At the offices of The Crimson, Managing Editor Bruce L. Paisner ’64 was meeting with his lieutenants to brainstorm stories for the Harvard-Yale edition of the paper, one of the most read editions of the year.

“It was a very slow news day,” Paisner remembered of that Friday. “We were sitting there thinking ,‘What are we going to put in this paper?’ [We were] trying to think of a worthy story for The Game.”

But for Paisner, the idea that Nov. 22 would be a “slow” day of news, or that The Game would dominate weekend headlines, were a shattered by a knock on the door of The Crimson.

“Somebody came running in off the street and said, ‘Have you heard that the President’s been shot?’” Paisner recalled. “Well, actually we hadn’t.”

With scraps of information compiled from Associated Press reports and Walter Cronkite’s CBS News broadcast, Paisner and his editors pieced together a story. The headline, like many that day, was simple: “KENNEDY ASSASSINATED.”


The news of the president’s death was a crushing blow to a campus that felt a unique kinship with the young leader.

The President's Gaze
President John F. Kennedy '40 photographed in Boston by The Crimson on Saturday, October 19, 1963, just a month before he was assassinated. The photograph ran on page two of the Saturday, November 23, 1963, issue of The Crimson.

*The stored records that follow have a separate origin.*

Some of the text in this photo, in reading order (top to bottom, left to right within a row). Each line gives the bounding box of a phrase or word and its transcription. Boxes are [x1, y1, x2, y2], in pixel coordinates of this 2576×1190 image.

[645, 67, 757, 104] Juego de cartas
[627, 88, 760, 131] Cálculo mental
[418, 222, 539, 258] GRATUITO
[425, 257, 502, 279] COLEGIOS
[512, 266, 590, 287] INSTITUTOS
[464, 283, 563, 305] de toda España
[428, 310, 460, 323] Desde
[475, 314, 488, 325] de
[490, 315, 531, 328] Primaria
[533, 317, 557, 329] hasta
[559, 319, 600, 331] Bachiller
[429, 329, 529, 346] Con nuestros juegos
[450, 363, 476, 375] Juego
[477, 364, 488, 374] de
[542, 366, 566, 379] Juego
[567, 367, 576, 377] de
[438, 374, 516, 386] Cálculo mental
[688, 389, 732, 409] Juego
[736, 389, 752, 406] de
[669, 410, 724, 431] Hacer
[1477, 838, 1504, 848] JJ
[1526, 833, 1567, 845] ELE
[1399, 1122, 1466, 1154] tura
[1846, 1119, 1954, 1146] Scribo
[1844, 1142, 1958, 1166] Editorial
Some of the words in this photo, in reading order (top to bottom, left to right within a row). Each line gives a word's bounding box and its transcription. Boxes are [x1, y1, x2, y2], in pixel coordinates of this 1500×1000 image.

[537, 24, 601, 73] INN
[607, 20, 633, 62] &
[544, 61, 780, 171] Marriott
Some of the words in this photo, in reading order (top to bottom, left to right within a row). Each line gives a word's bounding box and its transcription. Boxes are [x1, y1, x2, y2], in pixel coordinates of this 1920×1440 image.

“The relationship between the Kennedy administration and Harvard was very special because there were so many connections between Harvard and the administration that sometimes it seemed that the White House was an extension of the Yard,” Joseph M. Russin ’64, a former Crimson editor, remembered.

Paisner recalled that many students and professors thought of Kennedy as a Harvard alumnus first and a president second. The Crimson, he added, occasionally identified him on first reference as “John F. Kennedy ’40, President of the United States.”

Even after his ascent to the White House, Kennedy maintained strong Harvard ties, summoning numerous Harvard faculty to Washington serve as presidential advisors. He also continued to serve on the University’s Board of Overseers.

Many students remember seeing him walk through Harvard Yard on his way to and from meetings, and, just four weeks before his death, Kennedy appeared in Harvard Stadium, where he watched Harvard tie Columbia on October 19, 1963.